3. Scale-Aligned Reference (SAR) Module: correcting mismatch in the first layer for efficiency

Finest-scale conditioning causes scale mismatch: the target sequence at coarse scale \(k\) has spatial dimensions \((h_k, w_k)\) that do not align with the \((H, W)\) of the finest scale, hindering attention correspondence. Attention heatmap analysis reveals that this mismatch primarily affects the first self-attention layer, which handles global layout and long-range dependencies. SAR downsamples the finest-scale features into a reference \(\mathbf{F}_k^{(ref)} = \text{Down}(\mathbf{F}_K^{(src)}, (h_k, w_k))\) for scale \(k\). Only in the first layer does the query attend to this aligned reference; subsequent layers continue using the finest-scale condition. Ablations show that extending SAR to all layers decreases performance, confirming that mismatch is concentrated in the first layer.

Loss & Training

The model uses bitwise classifier loss to optimize target residual token index prediction, following the Infinity training scheme. VAREdit-2B uses two-stage training: 8k steps at 256² resolution and 7k steps at 512² resolution.

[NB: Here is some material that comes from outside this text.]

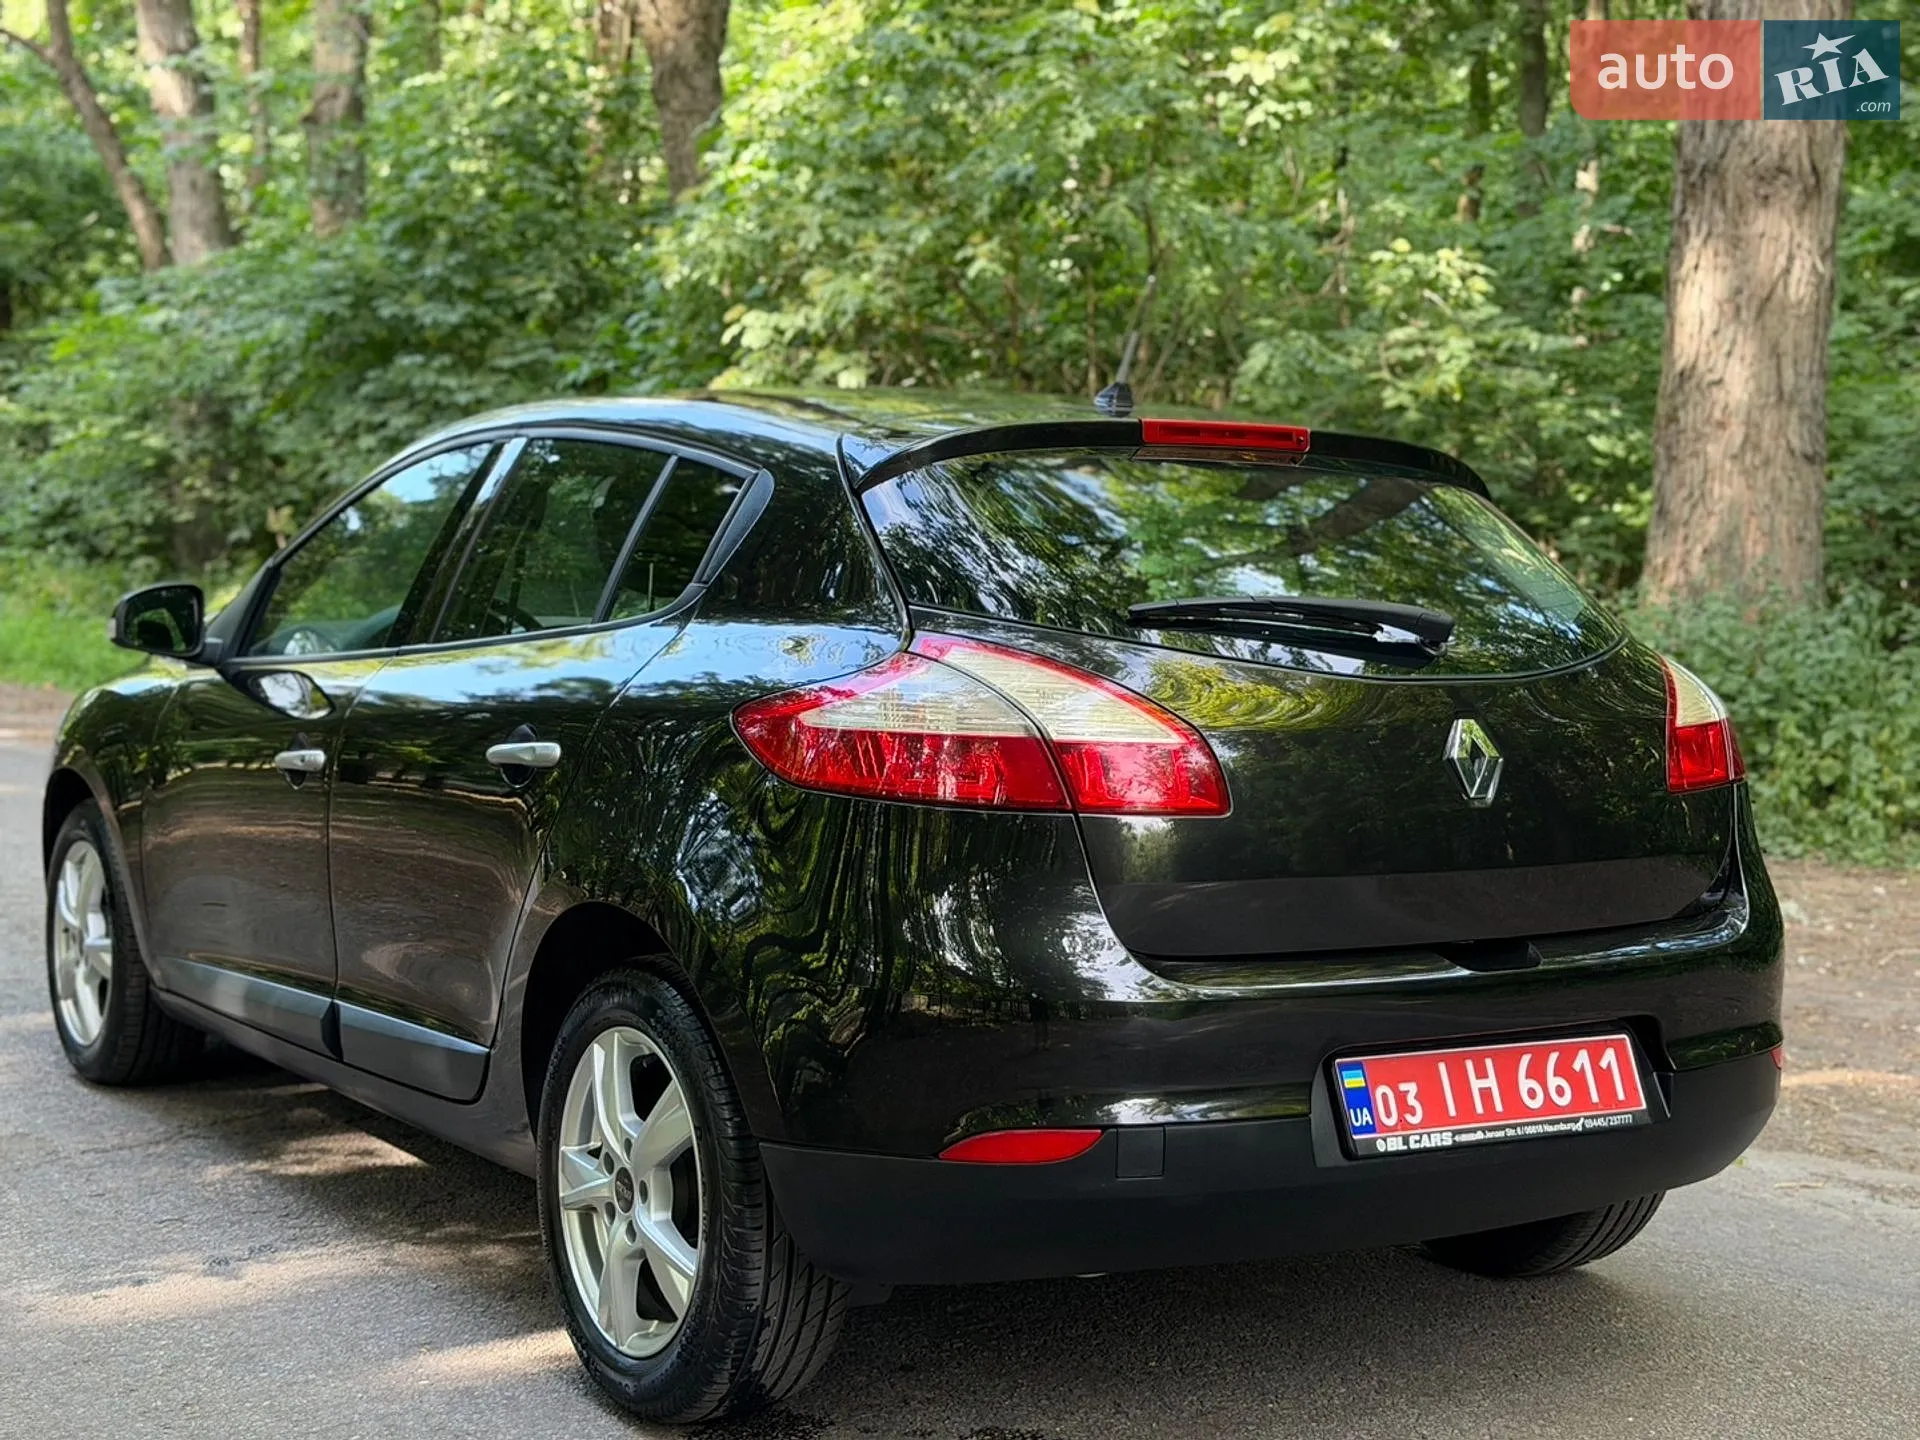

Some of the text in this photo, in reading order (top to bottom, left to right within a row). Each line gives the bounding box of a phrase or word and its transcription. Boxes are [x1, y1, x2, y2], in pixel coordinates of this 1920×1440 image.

[1375, 1047, 1625, 1127] 03 IH 6611
[1351, 1107, 1374, 1127] UA
[1409, 1131, 1453, 1149] CARS

VAREdit-8B is trained directly for 60k steps at 512². Inference uses CFG strength \(\eta=4\) and logits temperature \(\tau=0.5\).

Key Experimental Results

Main Results

Quantitative comparison on EMU-Edit and PIE-Bench:

Method Parameters GPT-Balance(EMU)↑ GPT-Balance(PIE)↑ Time
InstructPix2Pix 1.1B 2.923 4.034 3.5s
UltraEdit 7.7B 4.541 5.580 2.6s
ICEdit 17B 4.785 4.933 8.4s
VAREdit-2B (Ours) 2.2B 5.662 6.996 0.7s
VAREdit-8B (Ours) 8.4B 7.892 8.105 1.2s
Step1X-Edit 21B 7.081 7.351 12.8s

For 512×512 editing, VAREdit-8B requires only 1.2 seconds, which is 2.2x faster than the similarly sized UltraEdit.

Ablation Study

Conditioning Strategy CLIP-Out.↑ GPT-Suc.↑ GPT-Over.↑ GPT-Bal.↑
Full-scale Condition 0.275 5.781 7.087 5.346
Finest-scale Condition 0.264 4.926 7.077 4.584
Finest-scale + SAR (1st Layer) 0.271 6.210 7.055 5.662
SAR in all layers 0.269 5.884 7.036 5.352
SAR in first 3 layers 0.269 5.894 7.048 5.297

Key Findings

  • VAREdit-8B's GPT-Balance scores are 64.9% (EMU-Edit) and 45.3% (PIE-Bench) higher than the strongest diffusion baseline (ICEdit).
  • SAR performs best when applied only to the first layer—performance drops when applied to all layers, validating the insights from attention analysis.
  • In the subset of most successful edits (GPT-Suc.≥9), VAREdit's region preservation score exceeds even OmniGen, proving non-conservative, genuine preservation.
  • Among open-source models, VAREdit-8B surpasses larger models such as Step1X-Edit (21B) and FLUX.1 Kontext (12B) in GPT-Balance.

Highlights & Insights

  • Paradigm Innovation: Successfully introduces VAR multi-scale prediction to instruction-guided editing, breaking the dominance of diffusion models.
  • Analysis-Driven Design: The SAR module design is derived from systematic attention heatmap analysis rather than empirical intuition.
  • Efficiency & Quality: The 2.2B model completes 512² edits in 0.7s, with quality exceeding the 17B ICEdit.
  • Inherent AR Advantage: The causal generation mechanism naturally supports region-selective modifications.

Limitations & Future Work

  • Reliance on a discrete visual tokenizer limits the upper bound of editing quality through reconstruction loss.
  • The largest current model is 8B; scaling effects for even larger models remain to be verified.
  • Lack of support for interactive or multi-turn conversational editing.
  • Potential exploration of combining with mask-based guidance to further improve regional control precision.
  • VAR (Tian et al., 2024) and Infinity established the foundation for multi-scale autoregressive generation; VAREdit extends this to editing.
  • InstructPix2Pix defined the standard paradigm for instruction editing, but its diffusion limitations motivated this AR exploration.
  • Insight: Rather than "patching" the flaws of diffusion models, switching to an autoregressive paradigm may offer a more fundamental solution.

Rating

  • Novelty: ⭐⭐⭐⭐⭐ First introduction of the VAR paradigm to image editing with data-driven SAR design.
  • Experimental Thoroughness: ⭐⭐⭐⭐⭐ Evaluated across four benchmarks and multiple metrics against frontier models.
  • Writing Quality: ⭐⭐⭐⭐ Clear analysis with a complete logical chain from problem to solution.
  • Value: ⭐⭐⭐⭐⭐ Significantly outperforms SOTA and establishes a new editing paradigm.